Annotated photo localization data
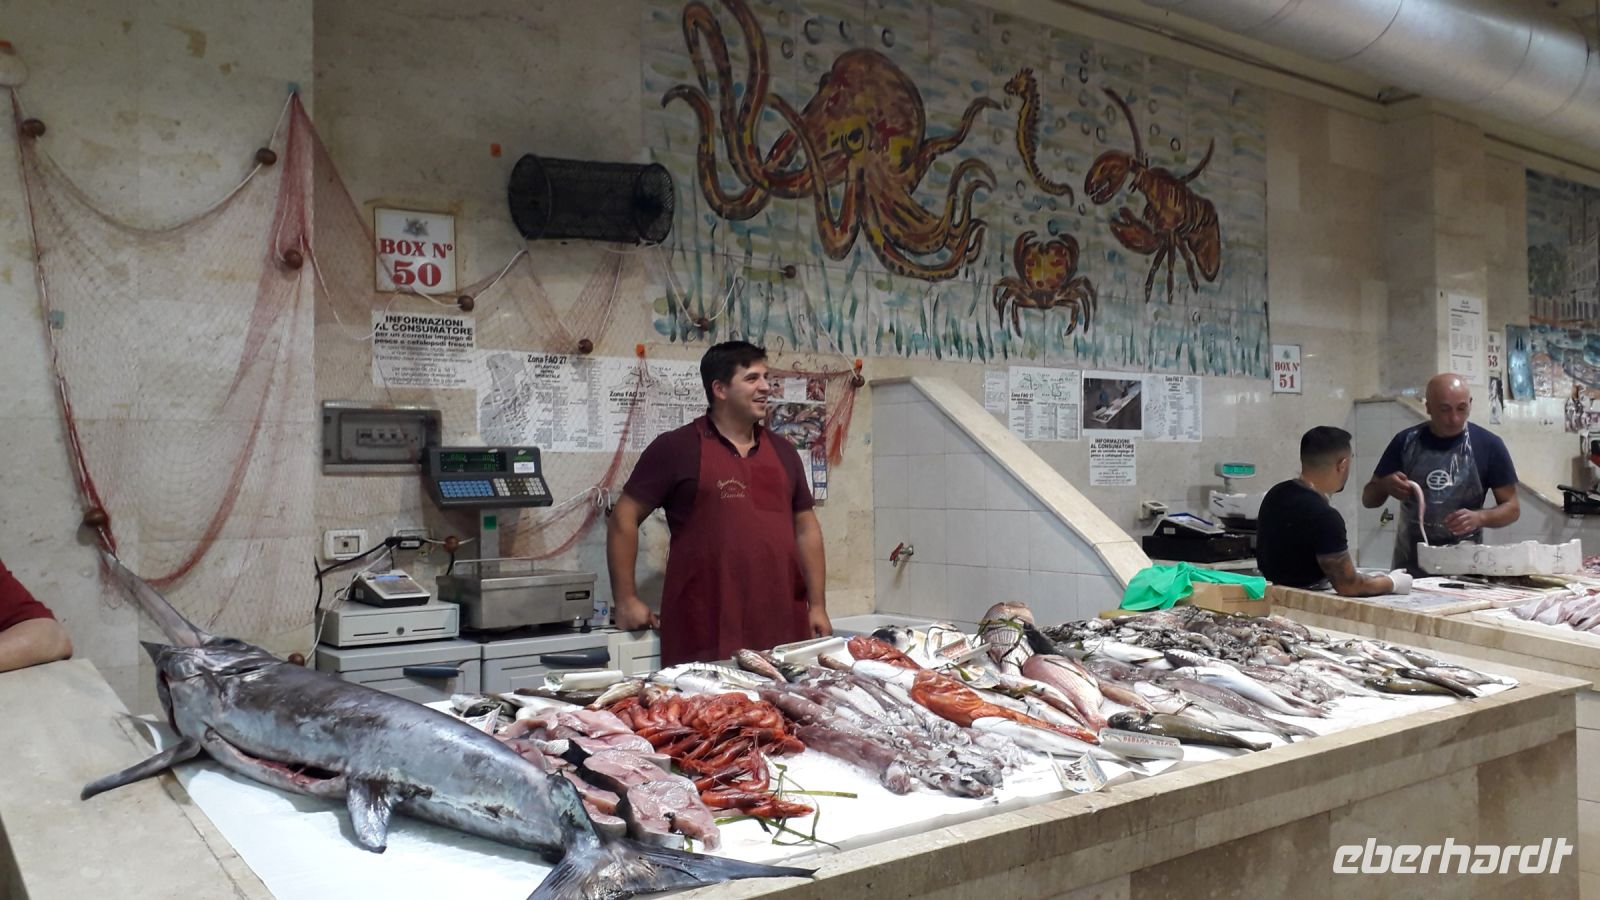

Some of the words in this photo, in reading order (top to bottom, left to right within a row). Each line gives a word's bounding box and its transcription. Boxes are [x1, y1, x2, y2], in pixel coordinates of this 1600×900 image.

[379, 237, 426, 257] BOX
[392, 260, 442, 288] 50
[385, 315, 463, 327] INFORMAZIONI
[374, 322, 389, 331] AL
[391, 323, 473, 336] CONSUMATORE
[402, 332, 433, 340] corretto
[434, 333, 464, 341] impiego
[407, 339, 447, 348] cefalopodi
[527, 354, 543, 363] Zona
[544, 355, 558, 364] FAO
[559, 356, 567, 365] 27
[1274, 361, 1291, 371] BOX
[1279, 374, 1295, 389] 51

### Exercise details
Copy out the records above in full, exactly as written, but not the pictures.

### Result of this task
Some of the words in this photo, in reading order (top to bottom, left to right within a row). Each line gives a word's bounding box and its transcription. Boxes are [x1, y1, x2, y2], in pixel coordinates of this 1600×900 image.

[379, 237, 426, 257] BOX
[392, 260, 442, 288] 50
[385, 315, 463, 327] INFORMAZIONI
[374, 322, 389, 331] AL
[391, 323, 473, 336] CONSUMATORE
[402, 332, 433, 340] corretto
[434, 333, 464, 341] impiego
[407, 339, 447, 348] cefalopodi
[527, 354, 543, 363] Zona
[544, 355, 558, 364] FAO
[559, 356, 567, 365] 27
[1274, 361, 1291, 371] BOX
[1279, 374, 1295, 389] 51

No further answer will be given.